Friday, November 21, 2014

Heinkel HE 219 "Uhu" Night Fighter

Here are some images of Tamiya's Heinkel HE 219 "Uhu" night fighter. From Wikipedia. " A relatively sophisticated aircraft, the He 219 possessed a variety of innovations, including an advanced intercept radar. It was also the first operational military aircraft in the world to be equipped with ejection seats, and the first German aircraft with tricycle landing gear. Had the Uhu been available in quantity, it might have had a significant effect upon the strategic bomber offensive of the RAF, but only 268 were built before the end of the War and they saw only limited service". This model kit is what you would expect from Tamiya and that is to say excellent.

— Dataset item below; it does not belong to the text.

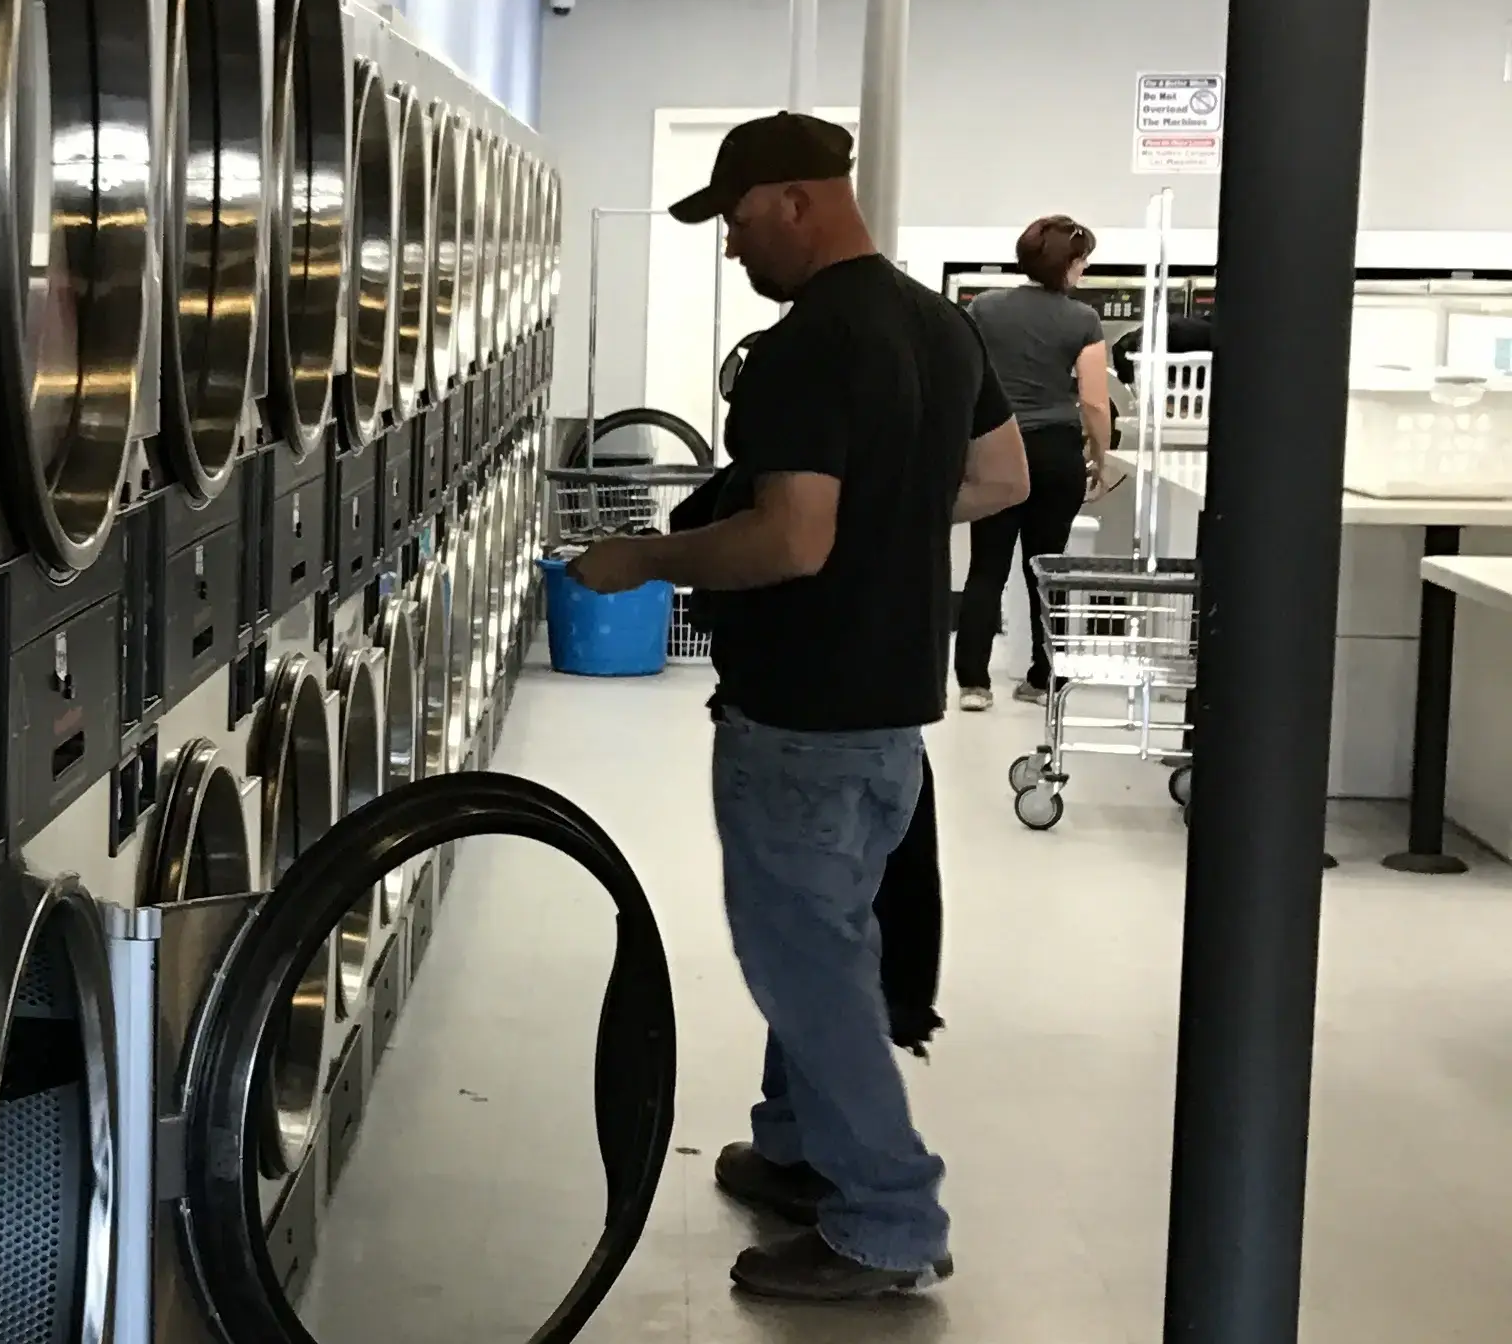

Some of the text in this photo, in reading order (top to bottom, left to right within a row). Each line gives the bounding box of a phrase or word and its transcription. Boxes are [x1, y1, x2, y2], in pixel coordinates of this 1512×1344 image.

[1143, 92, 1177, 101] Do Not
[1143, 105, 1188, 114] Overload
[1143, 118, 1207, 126] The Machines

Thursday, November 20, 2014

Consolidated B 24 D Liberator

Here are some images of Monogram's 1/48 scale Consolidated B 24 D Liberator (Pregnant Cow). This model represents the aircraft Teggie Ann which took part in the raid on the Ploesti oilfields in Romania during world war two. If you wish to read more on Ploesti you may do so here.

From Wikipedia"
The Consolidated B-24 Liberator was an American heavy bomber, designed by Consolidated Aircraft Company of San Diego, California. Its mass production was brought into full force by 1943 with the aid of the Ford Motor Company through its newly-constructed Willow Run facility, where peak production had reached one B-24 per hour and 650 per month in 1944. Other factories soon followed. The B-24 ended World War II as the most produced Allied heavy bomber in history, and the most produced American military aircraft at over 18,400 units, due largely to Henry Ford and the harnessing of American industry. It still holds the distinction as the most-produced American military aircraft. The B-24 was used by several Allied air forces and navies, and by every branch of the American armed forces during the war, attaining a distinguished war record with its operations in the Western European, Pacific, Mediterranean, and China-Burma-India Theaters.
Often compared with the better-known B-17 Flying Fortress, the B-24 was a more modern design with a higher top speed, greater range, and a heavier bomb load; however, it was also more difficult to fly, with heavy control forces and poor formation-flying characteristics. Popular opinion among aircrews and general staffs tended to favor the B-17's rugged qualities above all other considerations in the European Theater. The placement of the B-24's fuel tanks throughout the upper fuselage and its lightweight construction, designed to increase range and optimize assembly line production, made the aircraft vulnerable to battle damage. The B-24 was notorious among American aircrews for its tendency to catch fire. Moreover, its high fuselage-mounted Davis wing also meant it was dangerous to ditch or belly land, since the fuselage tended to break apart. Nevertheless, the B-24 provided excellent service in a variety of roles thanks to its large payload and long range.
The B-24's most famous mission was the low-level strike against the Ploesti oil fields, in Romania on 1 August 1943, which turned into a disaster because the enemy was underestimated, fully alerted and attackers disorganized.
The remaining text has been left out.